7 days


7 Days is a weekly round up of developments in pensions, normally published on Monday afternoons. We collate this information from key industry sources, such as the DWP, HMRC and TPR.

In this 7 Days

TPR reports on ESG compliance

On 30 July 2024, TPR published its findings from a review of trustees’ compliance with ESG duties, including climate reporting obligations, SIPs and implementation statements. While the review found that most trustees meet their ESG duties, TPR commented that “many achieve only minimum compliance”, for example failing to “demonstrate ownership” of ESG policies and key activities.

TPR suggests that trustees should consider:

  • whether consolidating their scheme could benefit members, where trustees believe they lack the expertise or scheme governance scale to manage financially material ESG risks effectively, and
  • being early voluntary adopters of other ESG related reporting such as nature, biodiversity and social factors, as ESG disclosure reporting requirements “are likely to continue to expand”.

TPR would also like to see “more evidence of trustee oversight” in relation to delegations to investment managers.

TPO publishes corporate plan for 2024-25

On 31 July 2024, TPO published its latest corporate plan, outlining key priorities and areas of work for the coming year.

A key focus is addressing customer waiting times and the build-up of a large historical caseload, as an increase in demand has “outstripped” capacity. Priorities for the year include reducing the number of complaints TPO handles, by:

  • providing clearer information and signposting to reduce invalid applications
  • working with the broader pensions sector to improve complaint handling
  • engaging with stakeholders earlier on issues that might result in a significant volume of complaints and optimising “lead cases” where possible, and
  • working with the DWP to inform developments to pensions legislation.

ABI comments on progress towards “Mansion House compact” ambitions

In a progress update published on 30 July 2024, the ABI has commented that signatories to the Mansion House compact are making “significant strides”. With the ambition of allocating at least 5% of DC default funds to unlisted equities by 2030, the Compact is a voluntary industry-led initiative to secure better financial outcomes for DC savers.

Signatories to the Compact currently hold the equivalent of 0.36% of the total value of their DC default funds in unlisted equity assets, and firms report taking key “enabling steps” towards progress on the initiative.

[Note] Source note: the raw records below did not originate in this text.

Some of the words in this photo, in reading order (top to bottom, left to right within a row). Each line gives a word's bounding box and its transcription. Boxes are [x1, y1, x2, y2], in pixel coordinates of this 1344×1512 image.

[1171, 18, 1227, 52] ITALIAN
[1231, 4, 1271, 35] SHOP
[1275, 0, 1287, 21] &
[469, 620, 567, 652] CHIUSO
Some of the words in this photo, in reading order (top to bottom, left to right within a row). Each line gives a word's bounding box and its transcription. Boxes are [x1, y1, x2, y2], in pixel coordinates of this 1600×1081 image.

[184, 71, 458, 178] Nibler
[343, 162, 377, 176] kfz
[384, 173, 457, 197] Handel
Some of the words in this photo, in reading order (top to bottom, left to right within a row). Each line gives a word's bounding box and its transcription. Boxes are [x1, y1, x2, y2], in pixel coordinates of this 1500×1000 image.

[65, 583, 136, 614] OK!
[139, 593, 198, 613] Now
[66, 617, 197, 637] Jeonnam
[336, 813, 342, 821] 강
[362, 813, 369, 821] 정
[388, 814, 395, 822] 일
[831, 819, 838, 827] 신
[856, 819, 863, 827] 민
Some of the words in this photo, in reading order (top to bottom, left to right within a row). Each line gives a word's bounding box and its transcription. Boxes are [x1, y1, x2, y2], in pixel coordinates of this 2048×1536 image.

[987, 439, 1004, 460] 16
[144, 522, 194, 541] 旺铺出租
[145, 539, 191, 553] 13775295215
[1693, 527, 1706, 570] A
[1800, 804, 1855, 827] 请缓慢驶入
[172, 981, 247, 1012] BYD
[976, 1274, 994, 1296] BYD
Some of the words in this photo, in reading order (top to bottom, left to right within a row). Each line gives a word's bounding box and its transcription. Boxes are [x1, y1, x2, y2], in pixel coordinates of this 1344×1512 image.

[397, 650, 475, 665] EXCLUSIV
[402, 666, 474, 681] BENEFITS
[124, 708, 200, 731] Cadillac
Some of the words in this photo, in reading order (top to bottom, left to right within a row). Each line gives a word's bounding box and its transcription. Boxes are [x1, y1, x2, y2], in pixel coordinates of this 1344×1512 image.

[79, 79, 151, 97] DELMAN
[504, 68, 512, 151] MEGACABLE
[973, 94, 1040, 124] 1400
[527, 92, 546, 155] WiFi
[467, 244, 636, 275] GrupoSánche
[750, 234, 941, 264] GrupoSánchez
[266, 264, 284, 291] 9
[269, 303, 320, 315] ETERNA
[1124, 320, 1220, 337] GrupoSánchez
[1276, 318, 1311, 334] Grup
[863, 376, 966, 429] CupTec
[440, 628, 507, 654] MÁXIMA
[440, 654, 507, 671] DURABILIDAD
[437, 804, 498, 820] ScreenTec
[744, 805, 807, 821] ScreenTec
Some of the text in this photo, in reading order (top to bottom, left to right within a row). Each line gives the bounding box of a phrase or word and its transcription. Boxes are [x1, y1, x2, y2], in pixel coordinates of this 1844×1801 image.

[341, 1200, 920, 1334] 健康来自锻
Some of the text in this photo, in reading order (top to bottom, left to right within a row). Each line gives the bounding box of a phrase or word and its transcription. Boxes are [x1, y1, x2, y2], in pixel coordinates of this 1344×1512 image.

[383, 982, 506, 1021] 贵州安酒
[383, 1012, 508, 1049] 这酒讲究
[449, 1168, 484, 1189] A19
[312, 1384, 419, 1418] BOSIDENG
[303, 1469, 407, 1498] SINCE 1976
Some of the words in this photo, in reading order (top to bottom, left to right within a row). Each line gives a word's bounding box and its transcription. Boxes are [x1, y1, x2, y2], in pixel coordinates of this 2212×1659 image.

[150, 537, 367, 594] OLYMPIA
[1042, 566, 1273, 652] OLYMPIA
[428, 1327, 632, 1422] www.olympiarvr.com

Despite barriers to private market investment reducing in recent years, many remain, including a focus on fees versus value and managing liquidity.

Consumer duty comes into force for closed products and services

On 31 July 2024, the FCA’s consumer duty came into force for closed products and services, ie where the contract was entered into before 31 July 2023, and the product or service has not been marketed or distributed to customers on or after that date.

The duty has applied to new products and services and existing products and services open to sale or renewal since 31 July 2023, and aims to set higher and clearer standards of consumer protection. Although not directly relevant to trustees of occupational pension schemes, it may impact the way FCA-regulated services, such as investment advice, are provided to the scheme. Trustees may wish to liaise with their providers to understand any ongoing impact for them.